> **EXERCISE DIRECTIONS**
Output all the entries word for word. Omit the pictures.

########

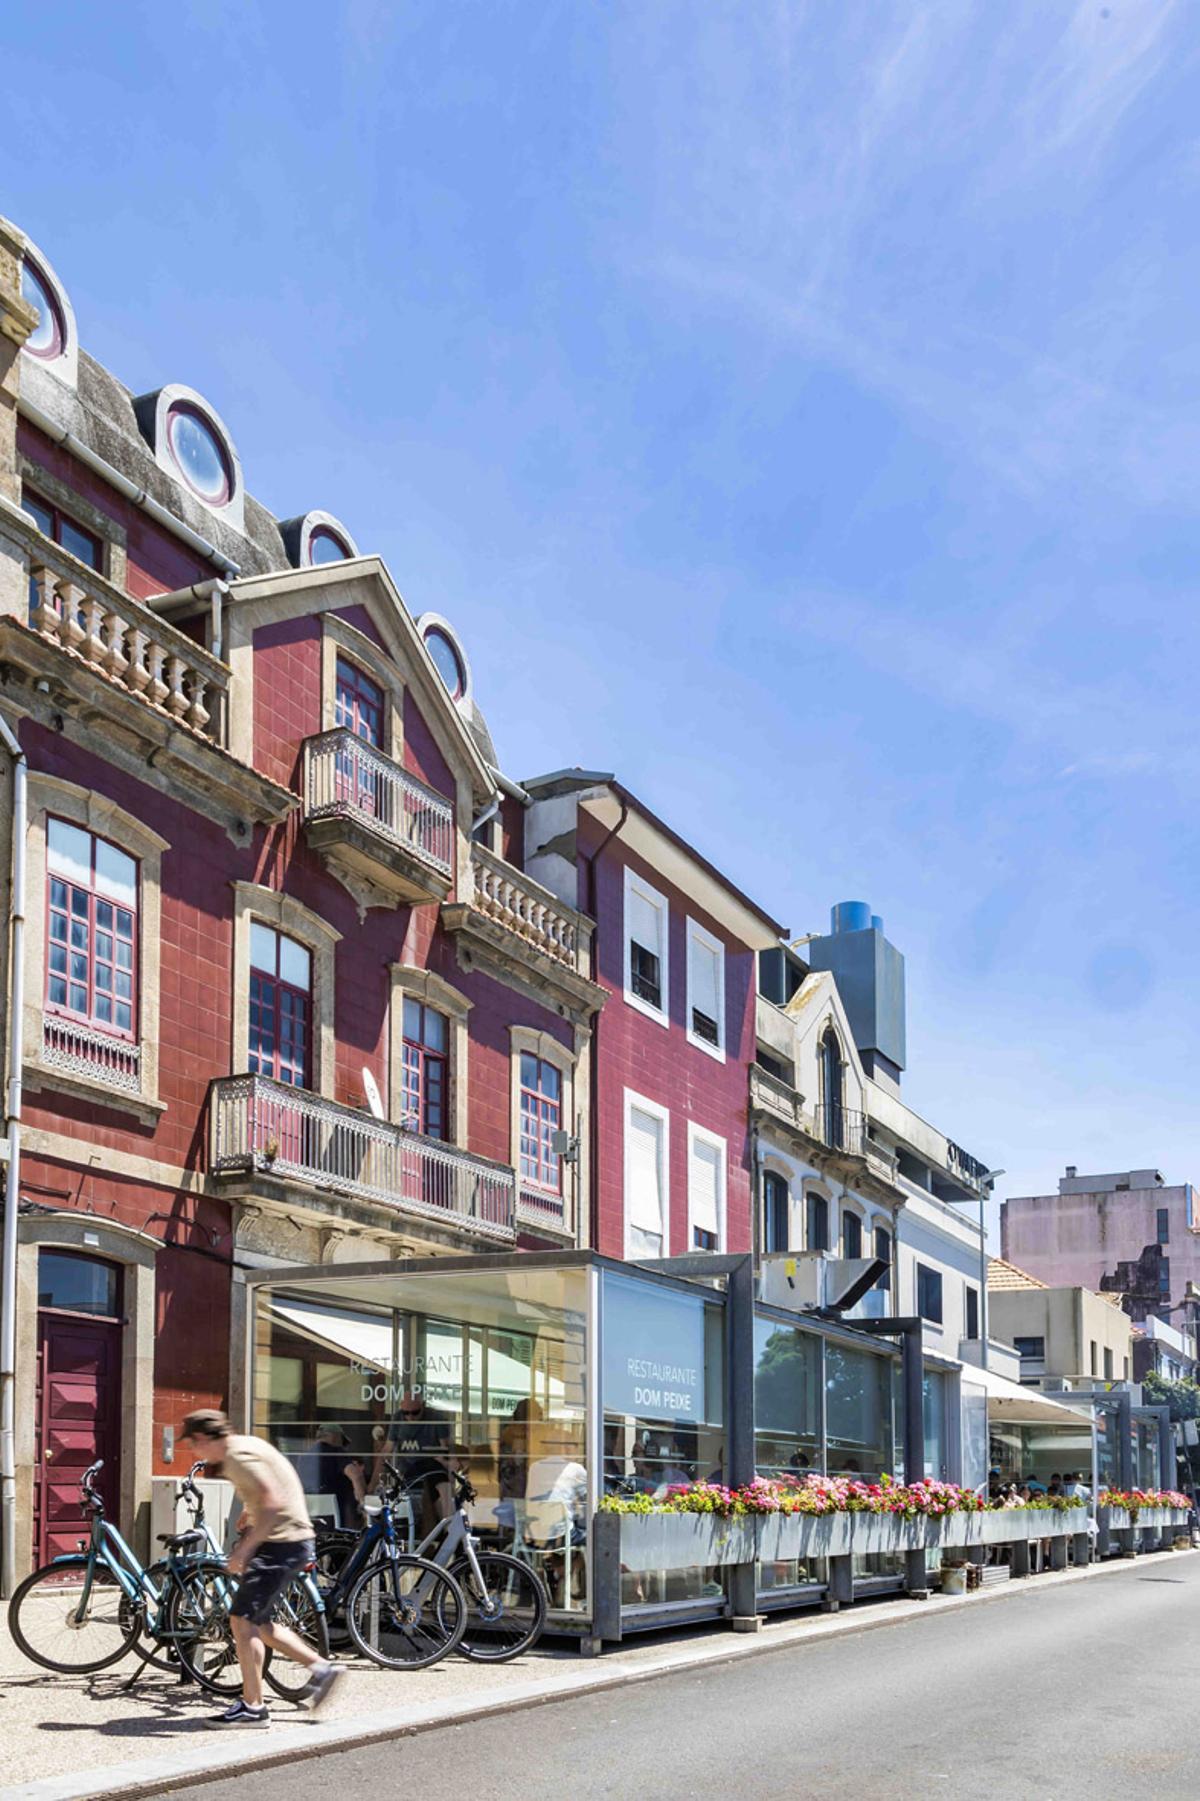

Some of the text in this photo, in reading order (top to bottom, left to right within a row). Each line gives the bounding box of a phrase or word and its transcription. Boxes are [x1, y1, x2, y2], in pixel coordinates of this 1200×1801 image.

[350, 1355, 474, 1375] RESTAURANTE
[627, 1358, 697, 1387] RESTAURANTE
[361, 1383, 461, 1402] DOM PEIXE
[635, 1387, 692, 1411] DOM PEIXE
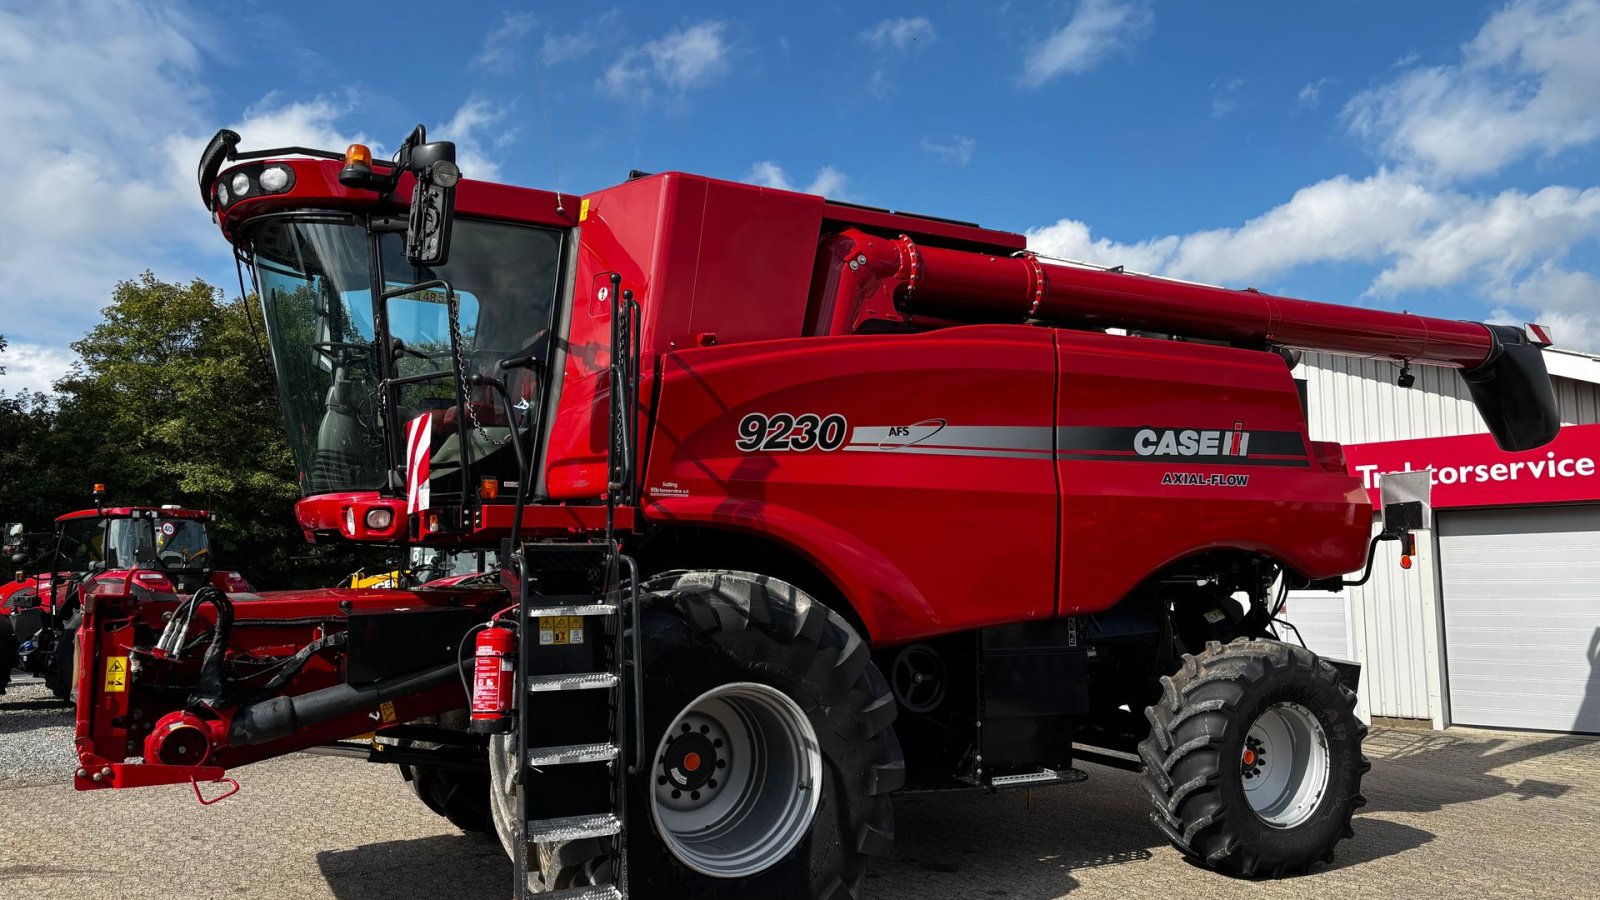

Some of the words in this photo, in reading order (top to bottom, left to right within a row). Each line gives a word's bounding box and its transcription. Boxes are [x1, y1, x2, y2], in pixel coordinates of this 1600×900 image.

########

> **SOLUTION FOR THIS PROBLEM**
Some of the text in this photo, in reading order (top to bottom, left to right within a row). Each line gives the bounding box of a phrase or word and its transcription. Boxes are [x1, y1, x2, y2], in pixel coordinates of this 1200×1801 image.

[350, 1355, 474, 1375] RESTAURANTE
[627, 1358, 697, 1387] RESTAURANTE
[361, 1383, 461, 1402] DOM PEIXE
[635, 1387, 692, 1411] DOM PEIXE

Some of the words in this photo, in reading order (top to bottom, left to right within a row). Each line gives a word's bounding box and its transcription. Boxes are [x1, y1, x2, y2], in pixel coordinates of this 1600×900 image.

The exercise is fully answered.